Exercise goal: Give back exactly the stretch of data below from the line holding "this 1500×1628 image." through the line holding "this 1920×1080 image.", both ends included, and leave the remaining lines out.

○ ○ ○ ○ ○ ○ ○

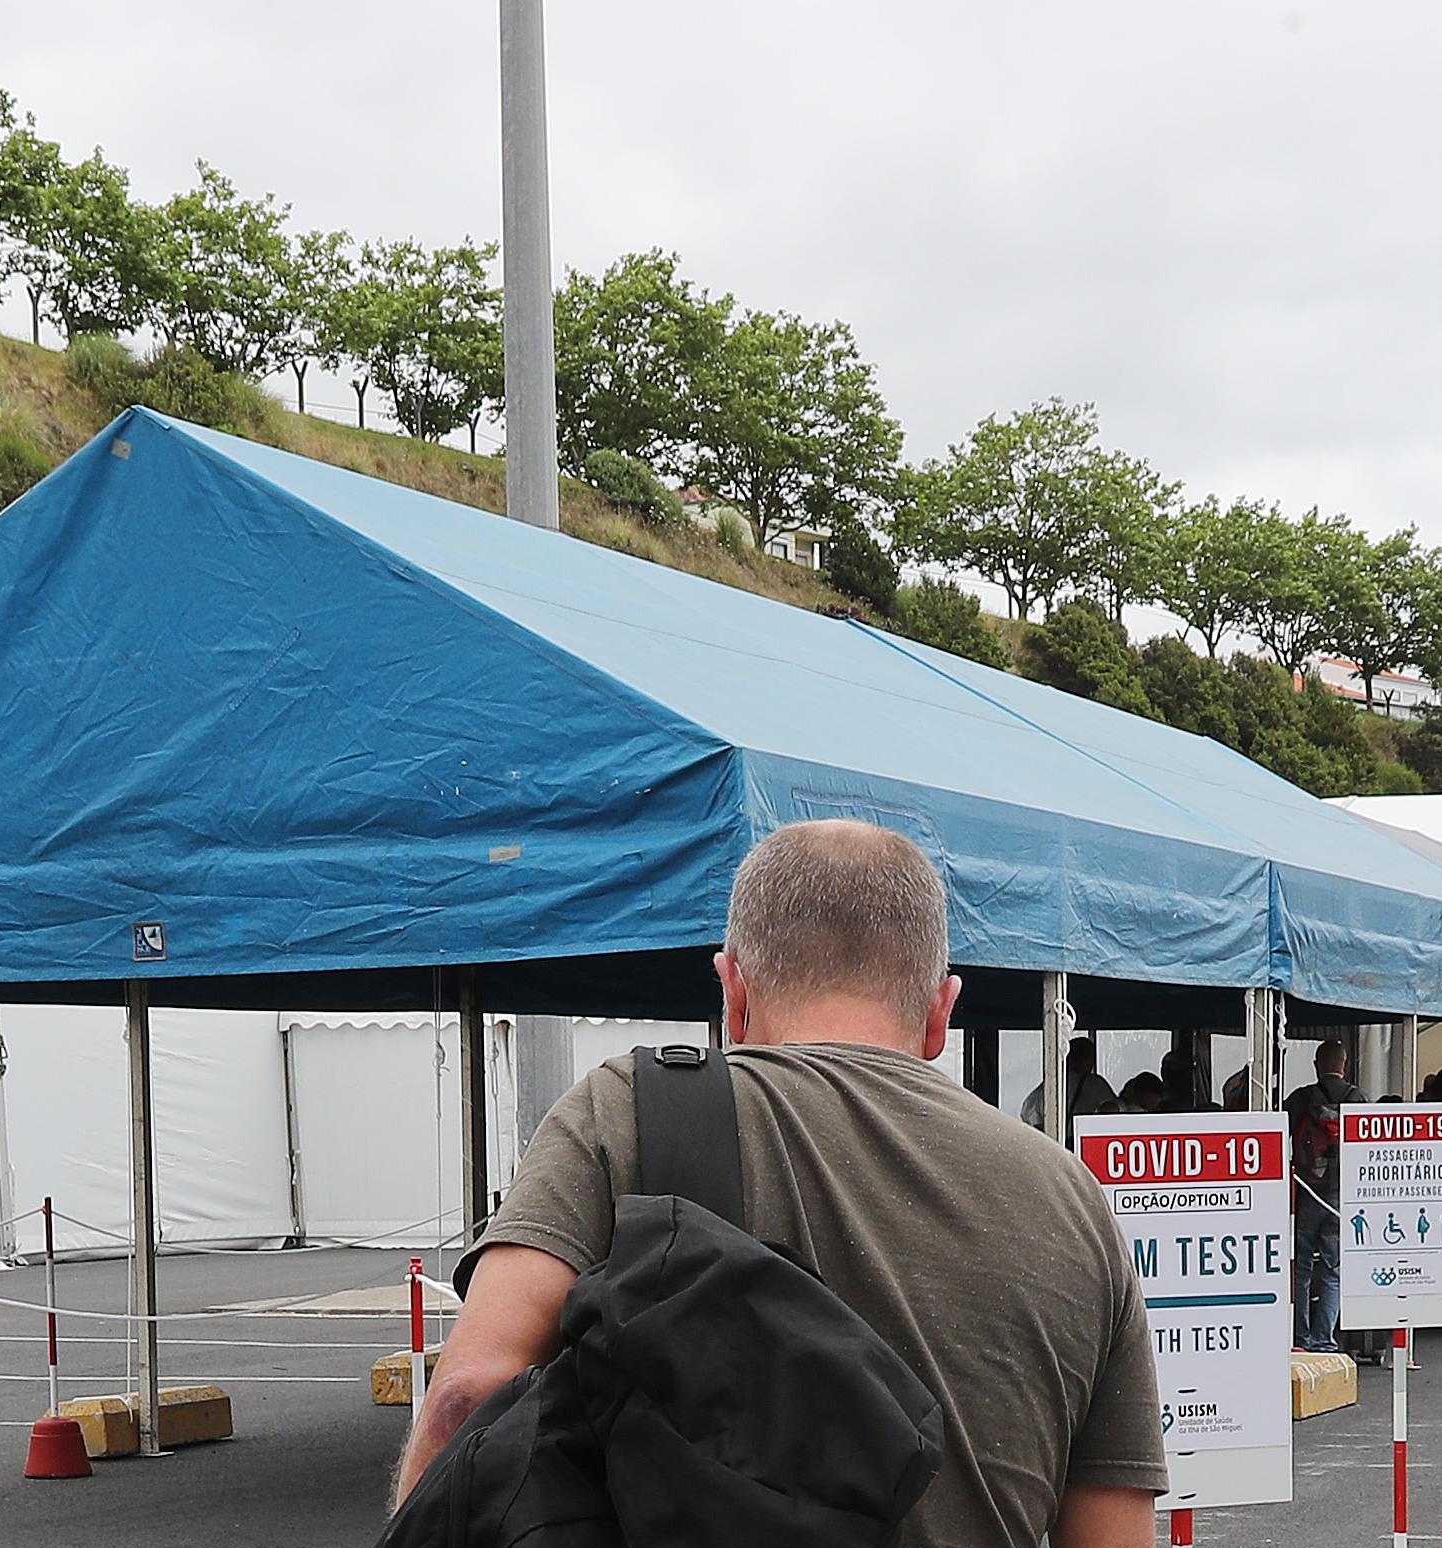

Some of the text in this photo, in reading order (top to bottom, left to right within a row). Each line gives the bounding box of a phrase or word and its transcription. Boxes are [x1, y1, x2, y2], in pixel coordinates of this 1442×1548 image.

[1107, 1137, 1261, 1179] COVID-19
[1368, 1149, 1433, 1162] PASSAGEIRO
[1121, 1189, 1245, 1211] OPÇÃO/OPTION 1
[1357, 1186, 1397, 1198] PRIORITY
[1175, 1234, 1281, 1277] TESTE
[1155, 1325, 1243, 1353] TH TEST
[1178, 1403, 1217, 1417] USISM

○ ○ ○ ○ ○ ○ ○

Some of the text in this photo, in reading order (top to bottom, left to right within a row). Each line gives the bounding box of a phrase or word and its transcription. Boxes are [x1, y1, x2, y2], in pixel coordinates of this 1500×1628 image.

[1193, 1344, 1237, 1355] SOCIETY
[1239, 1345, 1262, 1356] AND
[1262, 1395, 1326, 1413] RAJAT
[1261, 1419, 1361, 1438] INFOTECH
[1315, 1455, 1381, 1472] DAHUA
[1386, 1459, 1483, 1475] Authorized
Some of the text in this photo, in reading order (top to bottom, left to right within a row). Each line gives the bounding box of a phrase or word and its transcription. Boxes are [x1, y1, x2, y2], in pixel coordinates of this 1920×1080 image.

○ ○ ○ ○ ○ ○ ○

Reply:
Some of the text in this photo, in reading order (top to bottom, left to right within a row). Each line gives the bounding box of a phrase or word and its transcription. Boxes are [x1, y1, x2, y2], in pixel coordinates of this 1500×1628 image.

[1193, 1344, 1237, 1355] SOCIETY
[1239, 1345, 1262, 1356] AND
[1262, 1395, 1326, 1413] RAJAT
[1261, 1419, 1361, 1438] INFOTECH
[1315, 1455, 1381, 1472] DAHUA
[1386, 1459, 1483, 1475] Authorized
Some of the text in this photo, in reading order (top to bottom, left to right within a row). Each line gives the bounding box of a phrase or word and its transcription. Boxes are [x1, y1, x2, y2], in pixel coordinates of this 1920×1080 image.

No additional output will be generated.